• Exercise:
A word-for-word reproduction of the data below is needed, with no pictures in it.

Source material below:

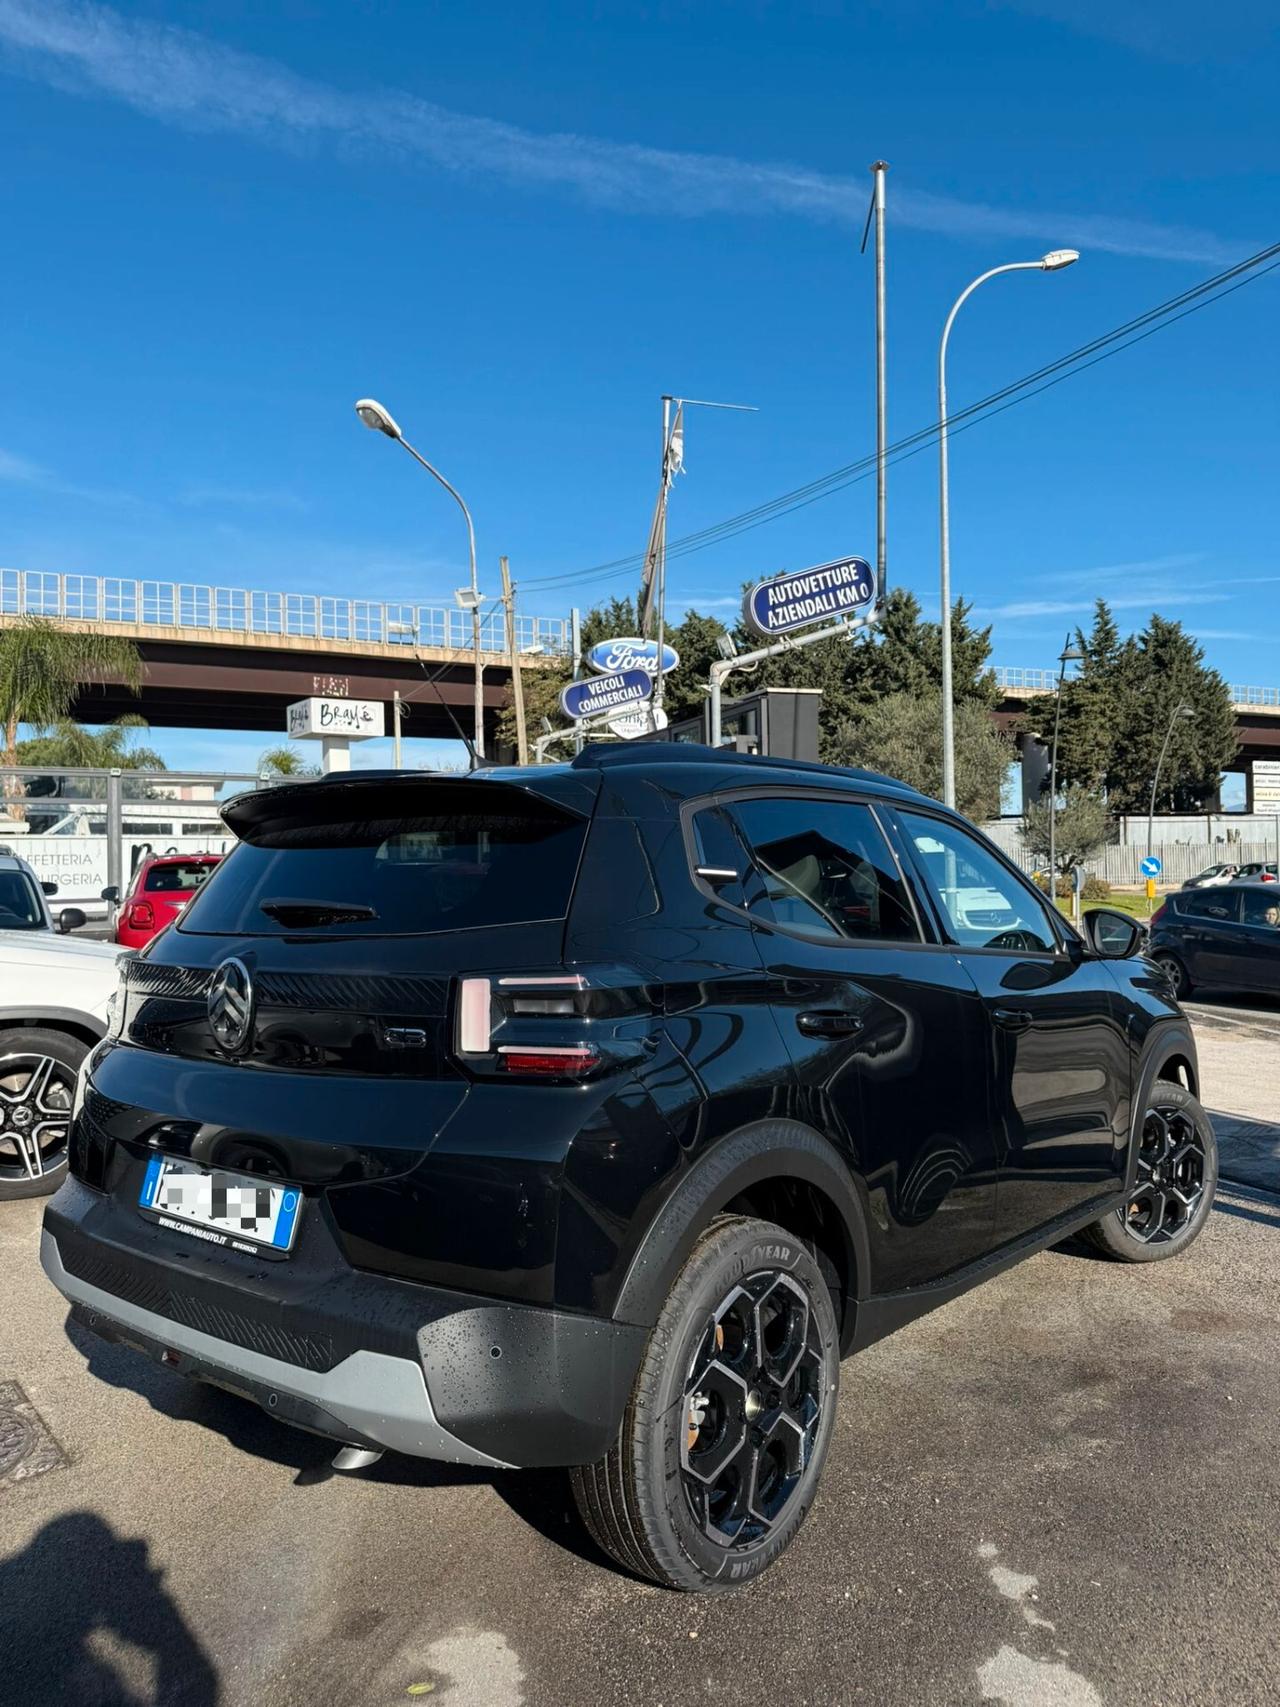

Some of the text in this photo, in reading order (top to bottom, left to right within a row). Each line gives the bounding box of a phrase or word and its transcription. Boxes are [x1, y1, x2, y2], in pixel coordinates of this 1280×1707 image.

[768, 563, 859, 606] AUTOVETTURE
[767, 591, 837, 628] AZIENDALI
[836, 585, 859, 607] KM
[606, 642, 660, 670] Ford
[578, 685, 644, 713] COMMERCIALI
[588, 675, 625, 695] VEICOLI
[26, 854, 93, 865] FFETTERIA
[38, 873, 103, 886] URGERIA
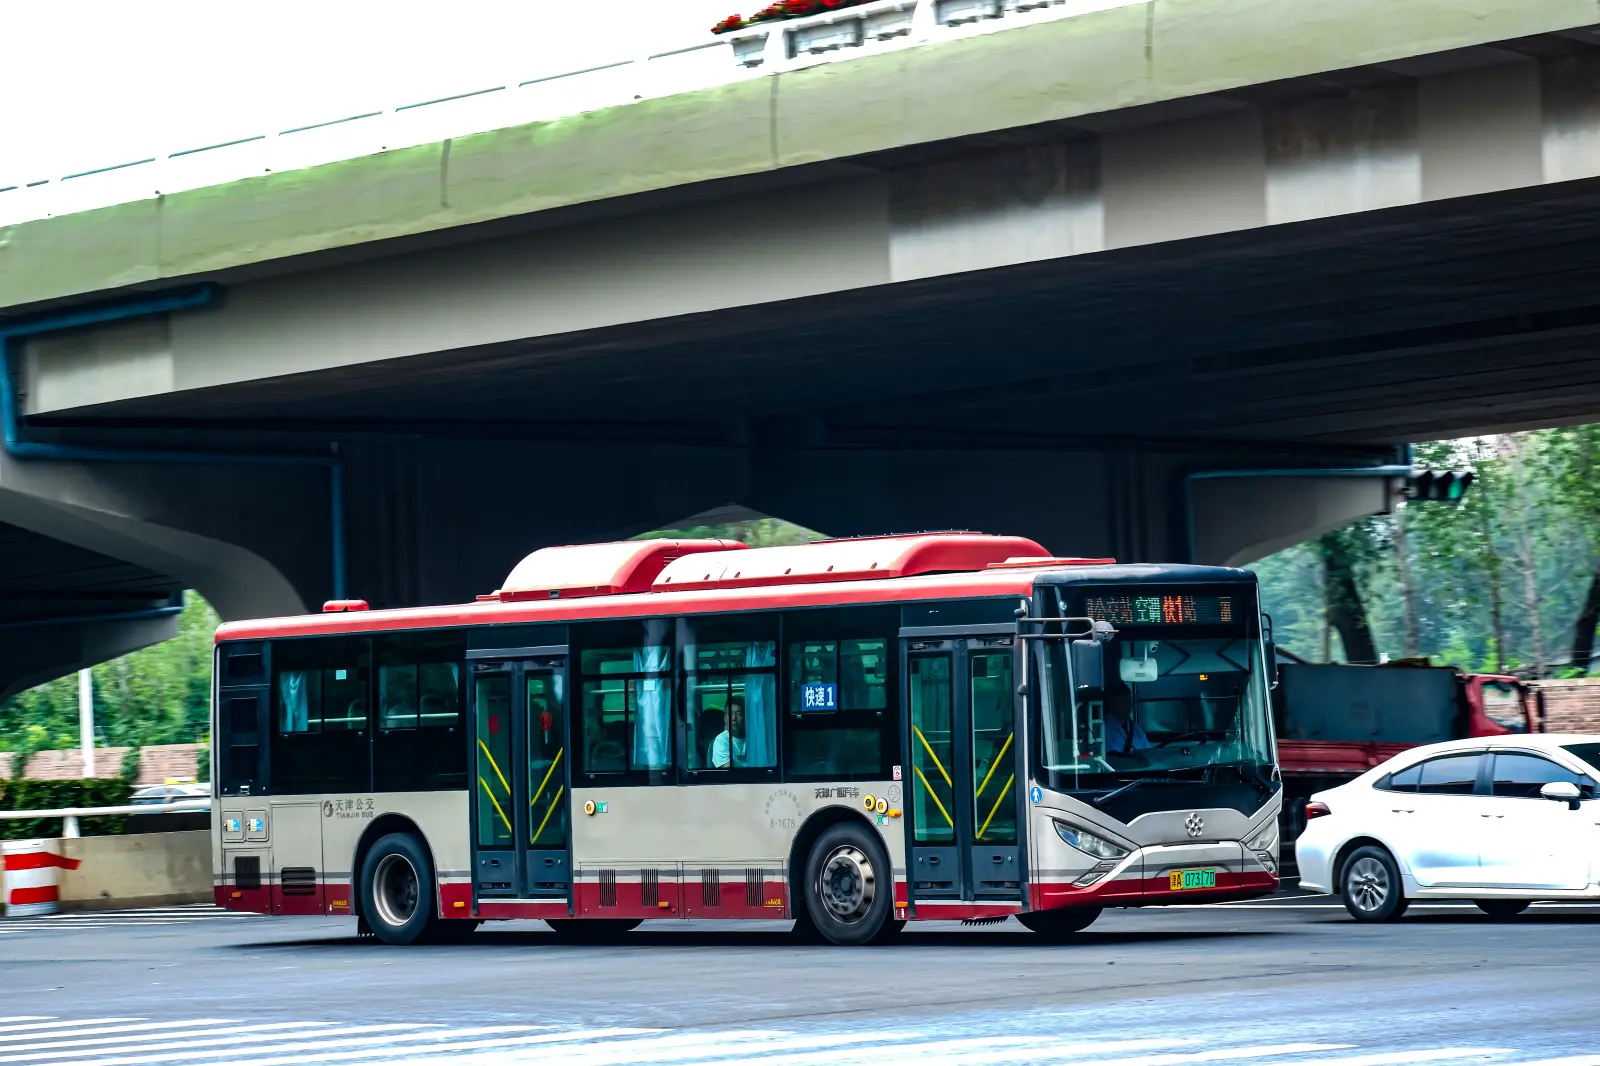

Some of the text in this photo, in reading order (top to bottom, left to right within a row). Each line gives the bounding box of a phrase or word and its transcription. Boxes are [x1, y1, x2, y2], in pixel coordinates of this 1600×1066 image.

End of Source material.

• Answer below:
Some of the text in this photo, in reading order (top to bottom, left to right within a row). Each line gives the bounding box of a phrase or word and its transcription. Boxes are [x1, y1, x2, y2], in pixel coordinates of this 1280×1707 image.

[768, 563, 859, 606] AUTOVETTURE
[767, 591, 837, 628] AZIENDALI
[836, 585, 859, 607] KM
[606, 642, 660, 670] Ford
[578, 685, 644, 713] COMMERCIALI
[588, 675, 625, 695] VEICOLI
[26, 854, 93, 865] FFETTERIA
[38, 873, 103, 886] URGERIA

Some of the text in this photo, in reading order (top to bottom, left to right within a row). Each line gives the bounding box of a phrase or word and its transcription. Boxes are [x1, y1, x2, y2], in pixel coordinates of this 1600×1066 image.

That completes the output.